Mycotoxins, particularly aflatoxin and fumonisins, are natural toxins that many people in Africa are exposed to because they contaminate the staple diet of groundnuts, maize, and other cereals (Darwish et al., 2014). Aflatoxin in particular (which is produced by the fungi Aspergillus flavus and Aspergillus parasiticus) (Afum et al., 2016) is established as a cause of cirrhosis and human liver cancer (hepatocellular carcinoma-HCC) and growth faltering (perhaps due to micronutrient deficiencies) in young children (Obuseh et al., 2011; Bosetti et al., 2014; Shirima et al., 2015; Smith et al., 2015; Wirth et al., 2017). Adverse birth outcomes and anemia in pregnant women and acute aflatoxin poisoning in Africa are also concerns (Kimanya et al., 2010; Shuaib et al., 2010a; Shuaib et al., 2010b; Wild and Gong, 2010; Khlangwiset et al., 2011; Hoffmann et al., 2015). Several reports have investigated possible impaired semen quality (infertility) in men associated with aflatoxin (Abarikwu, 2013; Eze and Okonofua, 2015). There is potential association of zearalenone (a non-steroidal estrogenic mycotoxin) with breast cancer risk (Belhassen et al., 2015). Ergotism has been associated with several species of Claviceps that are in rye and other cereal grains (Belser-Ehrlich et al., 2013). Fumonisin B (1) is a mycotoxin produced by Fusarium spp. molds and it has been linked with primary liver cancer and esophageal cancer (Domijan, 2012). Fumonisins have also been associated with neural tube defects (Wild and Gong, 2010). Aflatoxin and other mycotoxins have been linked to possible neurotoxicological outcomes as well as chronic hepatomegaly (Gong et al., 2012). Ochratoxin A, a mycotoxin produced by several Aspergillus and Penicillium species, is associated with chronic interstitial nephropathy (Hmaissia Khlifa et al., 2012; Gil-Serna et al., 2018). Contaminated peanuts have been associated recently with growth faltering (Mupunga et al., 2017). Wheat handlers exposed to A. flavus may have elevated risks of liver cancer as well (Saad-Hussein et al., 2014). HIV positive and HBV/HCV positive individuals exposed to aflatoxin are at substantially increased disease risks due to the established synergistic action of aflatoxin with HIV and HBV/HCB infection (Kew, 2013).

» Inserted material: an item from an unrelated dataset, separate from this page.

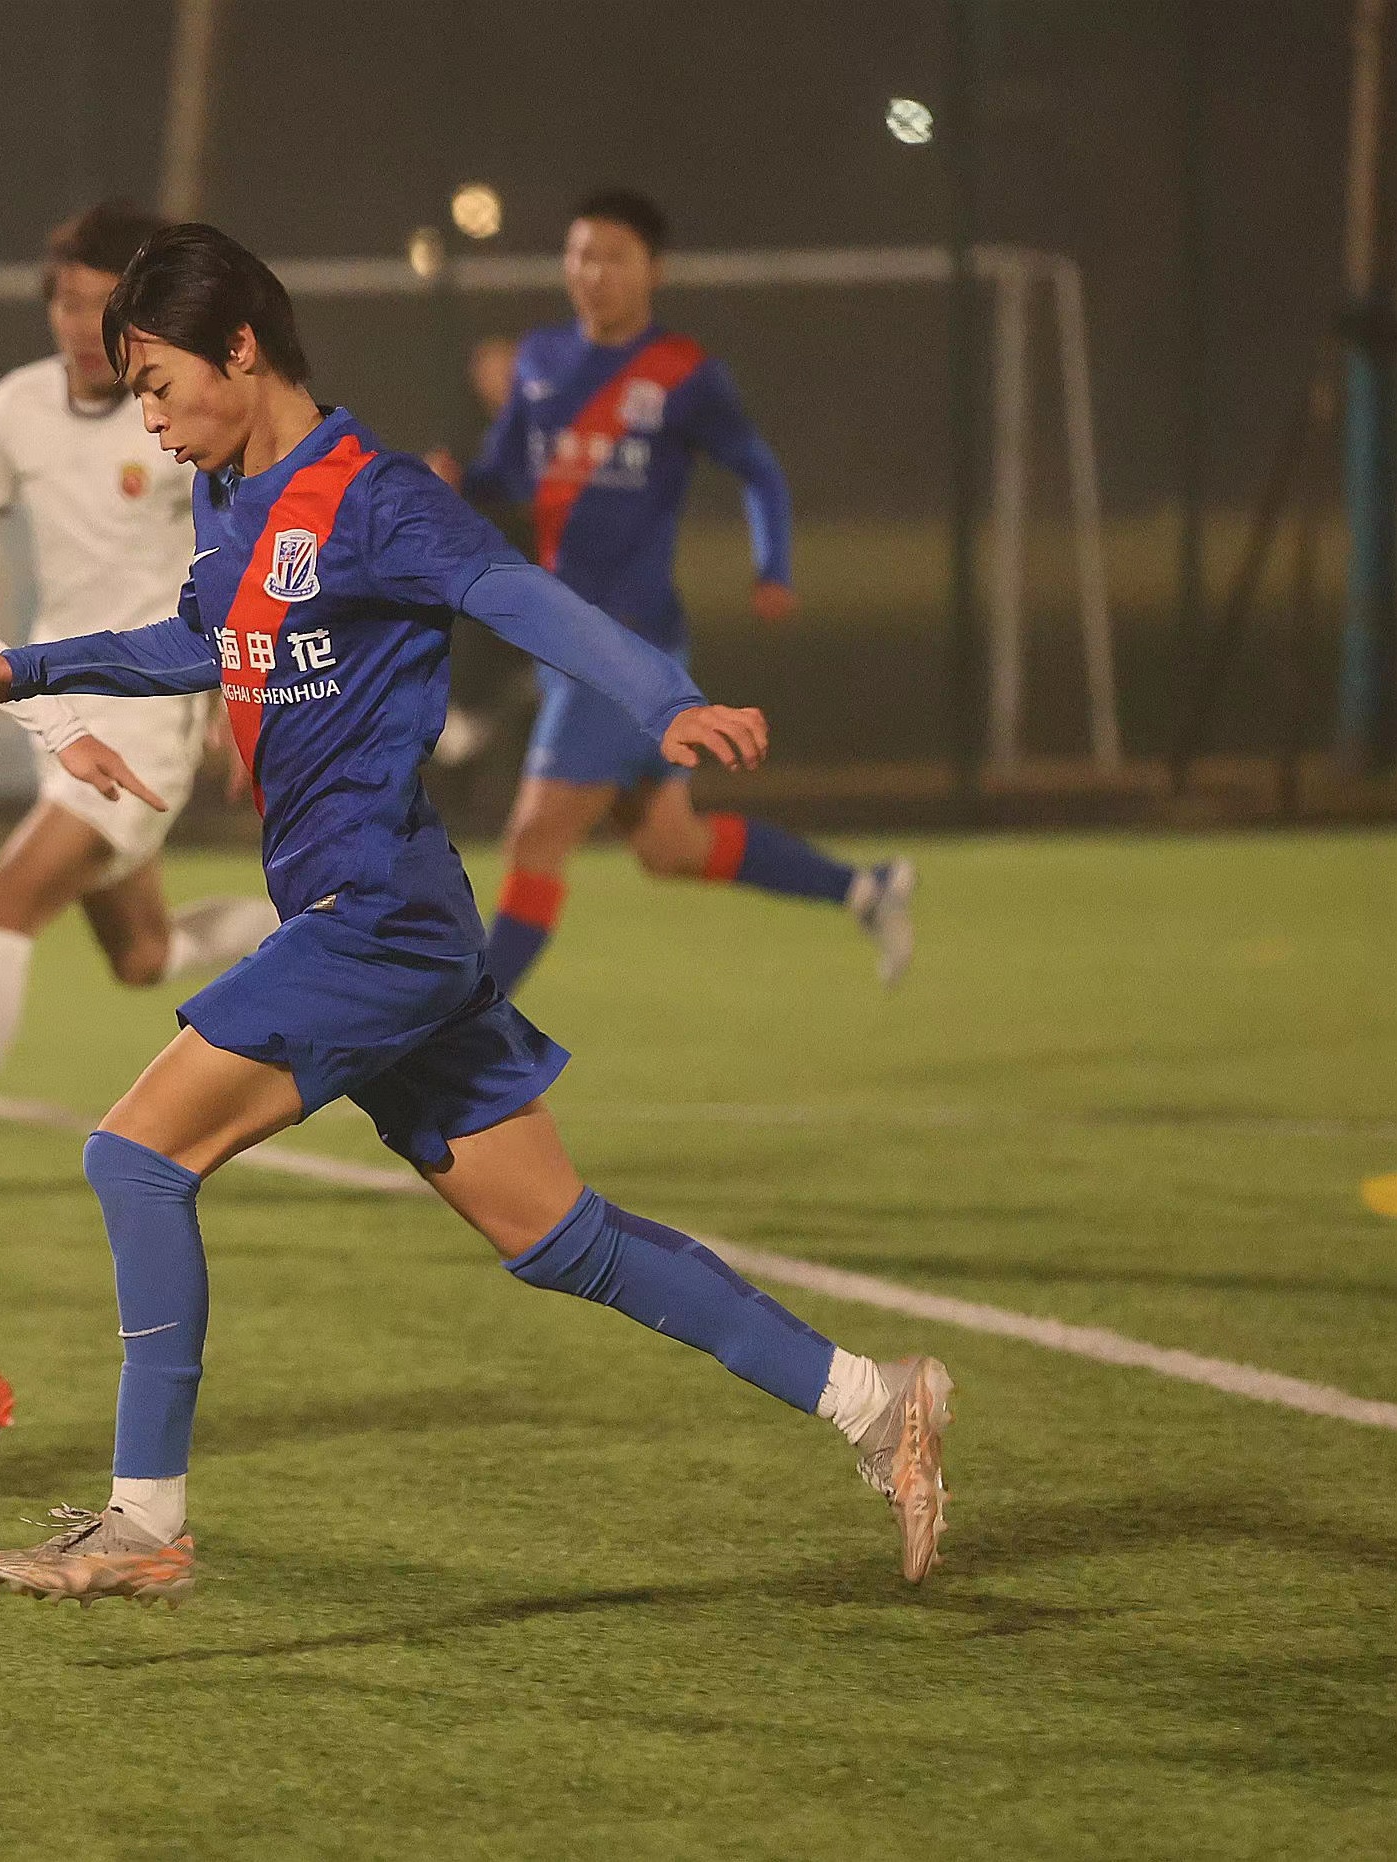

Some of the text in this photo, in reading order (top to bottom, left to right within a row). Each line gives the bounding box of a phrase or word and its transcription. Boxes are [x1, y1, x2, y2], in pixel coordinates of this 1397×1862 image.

Aflatoxin has been established as a potent liver carcinogen working through a genotoxic mechanism involving metabolic activation to an epoxide, formation of DNA adducts and, in humans, modification of the p53 gene. Extensive mechanistic research combined with molecular epidemiology has allowed quantitative risk assessment for aflatoxin to be measured. Molecular biomarkers to quantify aflatoxin exposure in individuals were essential to link aflatoxin exposure with liver cancer risk. Biomarkers were validated in populations with high HCC incidence including the Gambia, West Africa region (Wogan et al., 2012). Aflatoxin metabolite AFM(1) and other mycotoxin metabolites have been measured in breast milk (Adejumo et al., 2013) while aflatoxin-albumin (AF-alb) and AFB1-lysine have typically been measured in blood plasma or serum through a variety of methods (See Table 2) (Mitchell et al., 2017; McMillan et al., 2018). Correlations between urinary aflatoxin M1 (AFM1) and aflatoxin albumin adduct (Af-alb) have been established and suggest that urinary AFM1 is a good biomarker of aflatoxin. AFM1 appears to measure shorter-term exposure to aflatoxin whereas AF-alb measures longer term exposure (Chen et al., 2018). Serum levels of ochratoxin A might also serve as a useful biomarker of HCC risk (Matsuda et al., 2013).
At Risk Populations
Growth faltering makes young children particularly vulnerable to mycotoxins as fetal and early postnatal growth and development appear to be affected and because aflatoxin is known to cross the placental barrier (Castelino et al., 2014; Castelino et al., 2015). Interventions should focus on reducing mold exposures during critical periods of fetal and infant development, particularly for nursing infants having possible contaminated milk (Adejumo et al., 2013). HIV positive and HBV/HCV positive individuals are also at risk populations for the health effects related to aflatoxin exposure (Kew, 2013). Agricultural workers and rural populations, particularly subsistence farming communities, are important at risk populations as well.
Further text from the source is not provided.